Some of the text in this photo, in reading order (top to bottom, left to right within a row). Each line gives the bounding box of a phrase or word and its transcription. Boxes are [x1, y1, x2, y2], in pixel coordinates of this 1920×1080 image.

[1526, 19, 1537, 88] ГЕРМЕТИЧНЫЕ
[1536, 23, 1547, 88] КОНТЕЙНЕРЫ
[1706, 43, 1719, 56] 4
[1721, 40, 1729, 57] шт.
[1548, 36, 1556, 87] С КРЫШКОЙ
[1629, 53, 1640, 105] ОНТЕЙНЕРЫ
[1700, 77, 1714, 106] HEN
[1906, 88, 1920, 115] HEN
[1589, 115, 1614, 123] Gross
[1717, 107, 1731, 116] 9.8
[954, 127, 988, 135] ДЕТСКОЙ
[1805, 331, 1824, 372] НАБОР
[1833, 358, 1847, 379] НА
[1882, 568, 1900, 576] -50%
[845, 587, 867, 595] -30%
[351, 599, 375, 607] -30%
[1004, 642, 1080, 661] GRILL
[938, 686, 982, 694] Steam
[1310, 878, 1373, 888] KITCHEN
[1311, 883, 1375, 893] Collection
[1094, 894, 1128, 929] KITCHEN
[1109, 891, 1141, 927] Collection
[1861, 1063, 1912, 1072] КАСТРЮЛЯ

· · ·

Work task: Please transcribe all of the data above exactly.

Written response:
Some of the text in this photo, in reading order (top to bottom, left to right within a row). Each line gives the bounding box of a phrase or word and its transcription. Boxes are [x1, y1, x2, y2], in pixel coordinates of this 1920×1080 image.

[1526, 19, 1537, 88] ГЕРМЕТИЧНЫЕ
[1536, 23, 1547, 88] КОНТЕЙНЕРЫ
[1706, 43, 1719, 56] 4
[1721, 40, 1729, 57] шт.
[1548, 36, 1556, 87] С КРЫШКОЙ
[1629, 53, 1640, 105] ОНТЕЙНЕРЫ
[1700, 77, 1714, 106] HEN
[1906, 88, 1920, 115] HEN
[1589, 115, 1614, 123] Gross
[1717, 107, 1731, 116] 9.8
[954, 127, 988, 135] ДЕТСКОЙ
[1805, 331, 1824, 372] НАБОР
[1833, 358, 1847, 379] НА
[1882, 568, 1900, 576] -50%
[845, 587, 867, 595] -30%
[351, 599, 375, 607] -30%
[1004, 642, 1080, 661] GRILL
[938, 686, 982, 694] Steam
[1310, 878, 1373, 888] KITCHEN
[1311, 883, 1375, 893] Collection
[1094, 894, 1128, 929] KITCHEN
[1109, 891, 1141, 927] Collection
[1861, 1063, 1912, 1072] КАСТРЮЛЯ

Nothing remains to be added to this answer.